This is an archive of the former website of the Maoist Internationalist Movement, which was run by the now defunct Maoist Internationalist Party - Amerika. The MIM now consists of many independent cells, many of which have their own indendendent organs both online and off. MIM(Prisons) serves these documents as a service to and reference for the anti-imperialist movement worldwide.
Deserter
Directed by Vsevolod Pudovkin
1933
100 minutes Black & white
This is a very good movie and it's still relevant for most of the world.
The "deserter" is actually a German worker who falls for social-democratic
ideas in the midst of a strike started by communists and social-democrats
together, but abandoned by the social-democrats as time went on.
Recognizing the deserter's weaknesses and strengths, the Communist Party
in Germany selects him as one of four people to go to the Soviet Union
for a period of recuperation from the brutal battle of the shipyard strike.
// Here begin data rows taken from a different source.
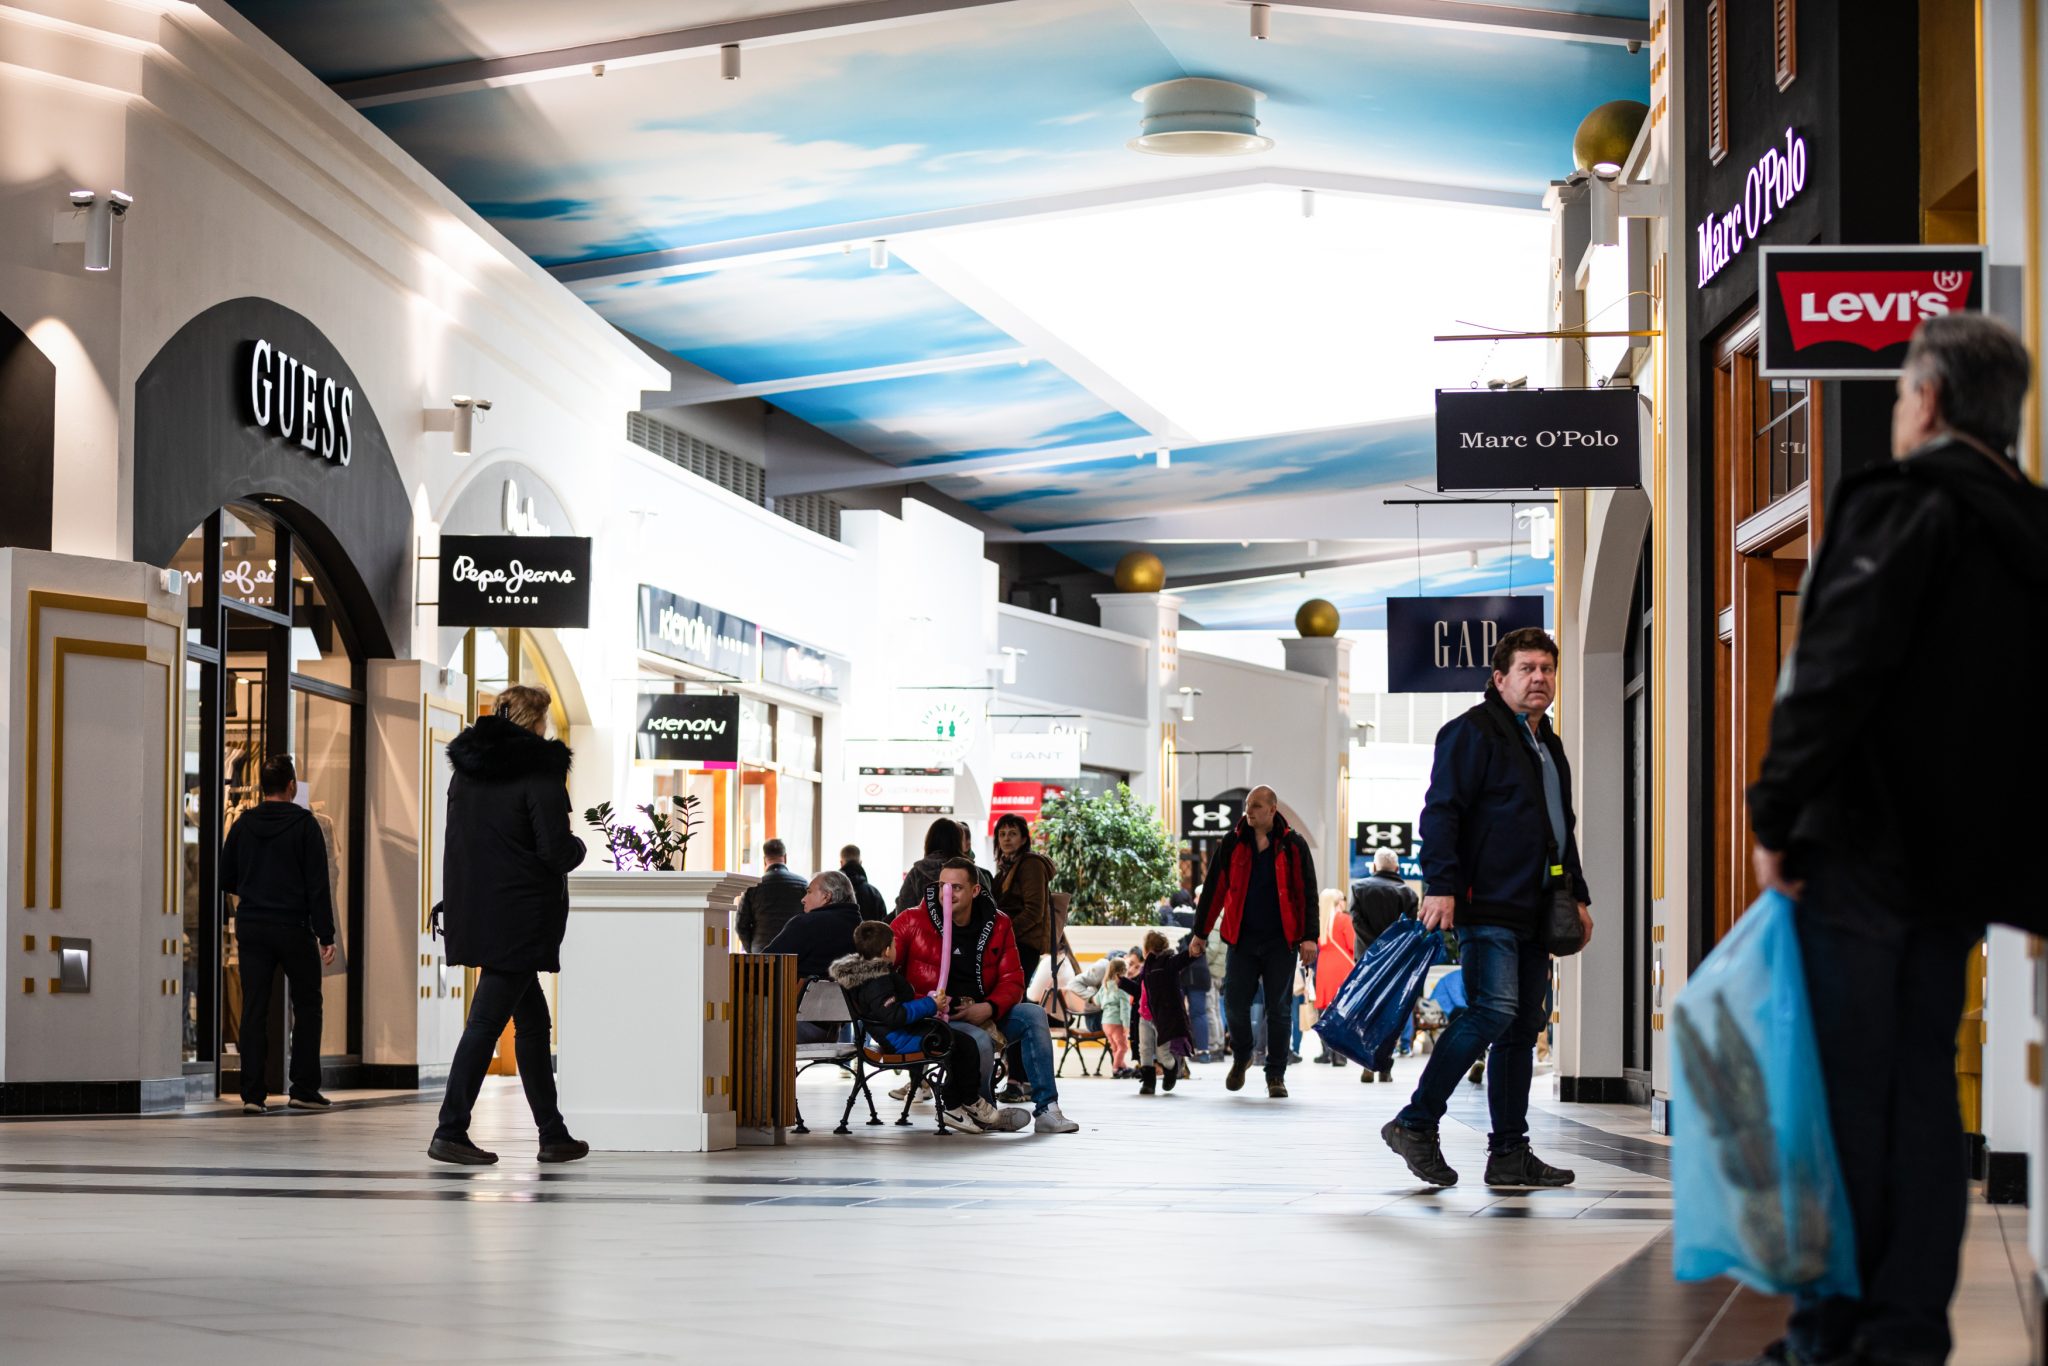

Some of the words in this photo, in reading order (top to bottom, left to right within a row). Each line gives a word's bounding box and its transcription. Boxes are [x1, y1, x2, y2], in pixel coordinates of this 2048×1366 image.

[1698, 204, 1742, 289] Marc
[1745, 126, 1806, 239] O'Polo
[252, 338, 353, 467] GUESS
[1459, 432, 1528, 449] Marc
[1535, 430, 1619, 448] O'Polo
[453, 555, 507, 592] Pepe
[505, 560, 576, 593] Jeans
[488, 596, 538, 604] LONDON
[1434, 620, 1498, 669] GAP
[661, 733, 713, 741] AURUM
[1010, 751, 1064, 760] GANT
[976, 920, 994, 951] GUESS
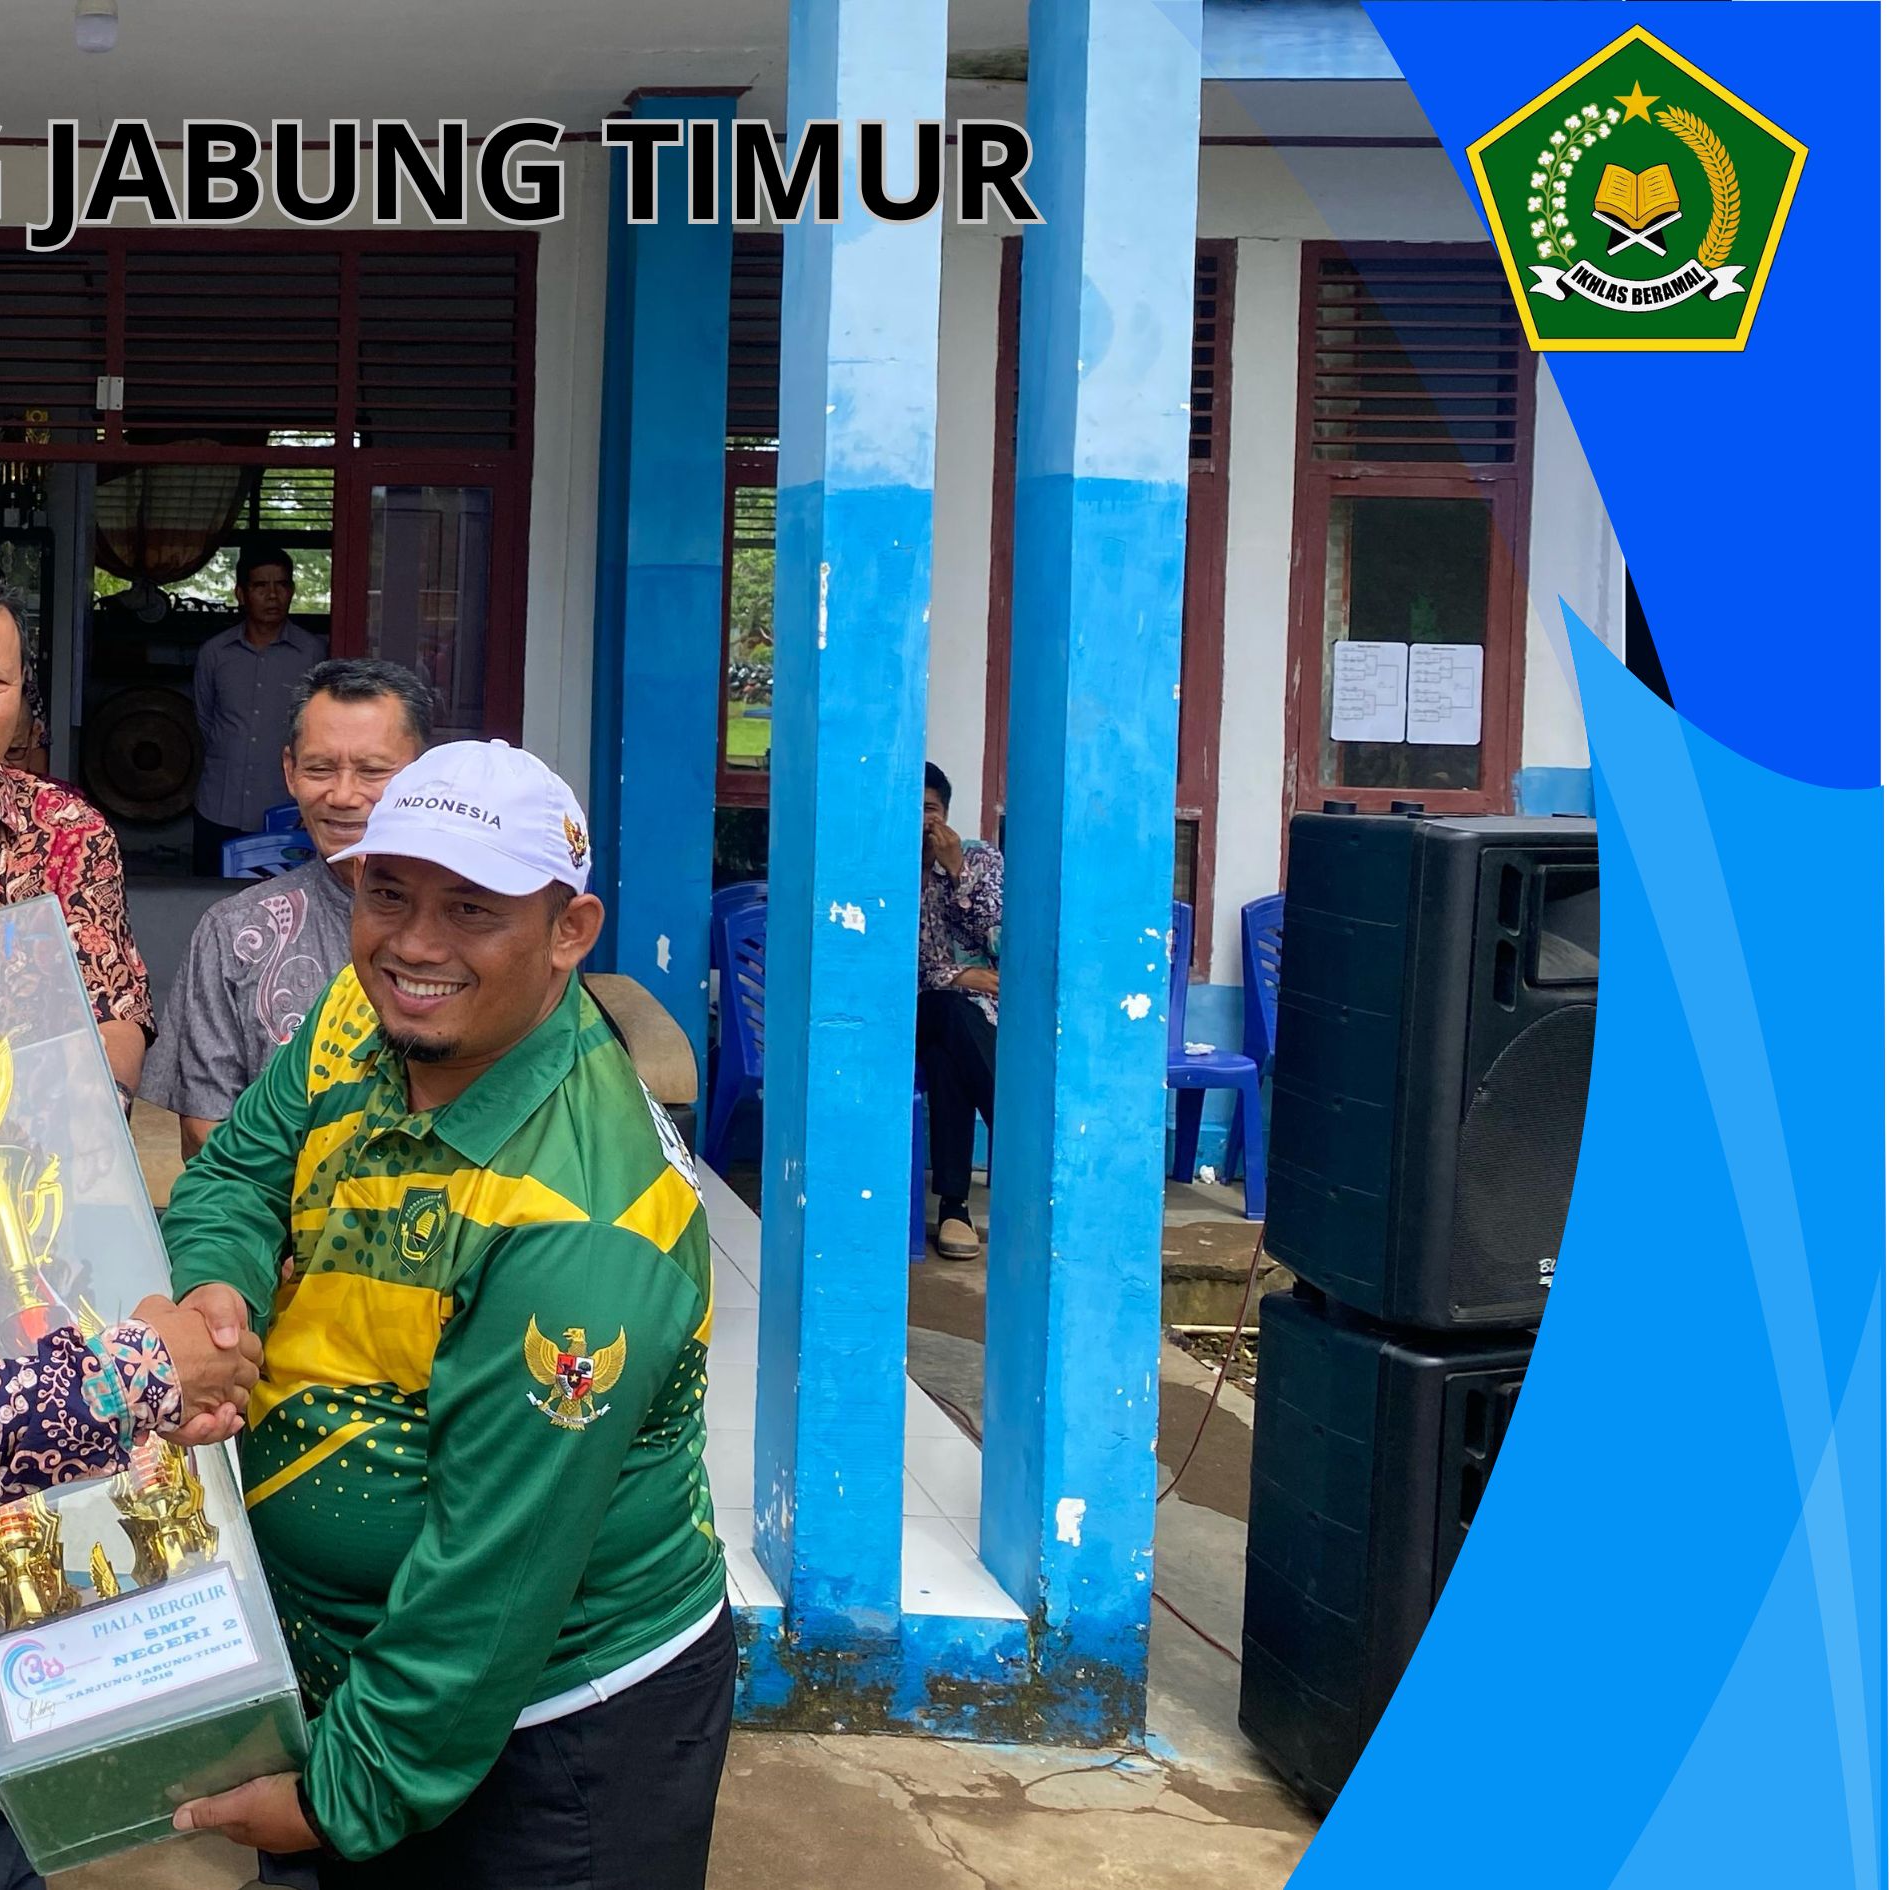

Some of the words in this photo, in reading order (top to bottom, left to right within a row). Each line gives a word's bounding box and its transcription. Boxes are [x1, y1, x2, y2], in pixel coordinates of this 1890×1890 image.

[393, 796, 501, 830] INDONESIA
[92, 1611, 143, 1638] PIALA
[148, 1584, 227, 1621] BERGILIR
[143, 1615, 197, 1641] SMP
[112, 1626, 212, 1667] NEGERI
[222, 1618, 238, 1631] 2
[66, 1674, 132, 1700] TANJUNG
[135, 1655, 192, 1678] JABUNG
[195, 1638, 243, 1658] TIMUR
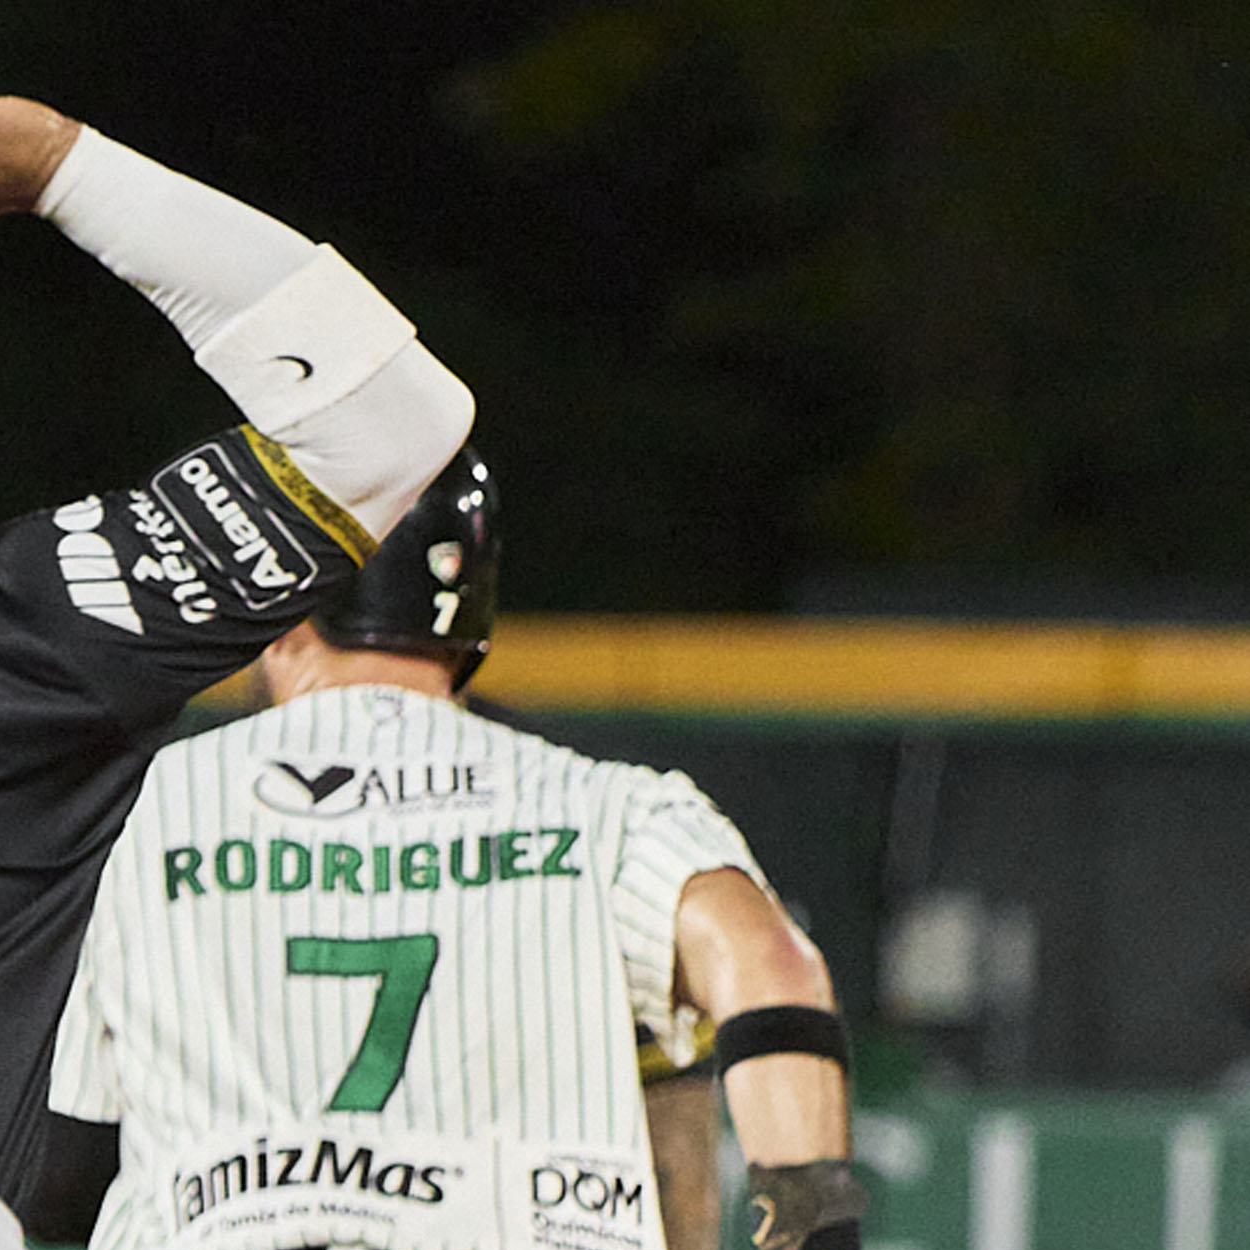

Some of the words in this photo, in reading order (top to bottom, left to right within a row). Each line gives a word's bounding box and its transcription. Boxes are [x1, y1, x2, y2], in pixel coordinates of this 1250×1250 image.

[178, 457, 298, 589] Alamo
[164, 828, 582, 901] RODRIGUEZ
[285, 932, 440, 1113] 7
While there he learns directly of the benefits of the Soviet Union to workers.
As the back cover emphasizes the movie showed in 1933 how sound could be used
to the point of "overload" to stress certain points. It was the Soviet Union
making the most of "big sound" as we might call it today. As such, the film
is stylistically still recognizable to the contemporary viewer.
Although there is a strong role for wimmin characters in the movie in a way that is still
timely, our major concern is that some will view this movie as if male manufacturing workers
from Germany are still the center of the world revolution. Today, the majority
of people in Germany and other advanced capitalist countries are petty-bourgeoisie.
Bearing that in mind, MIM gives this film and its politics a hearty endorsement.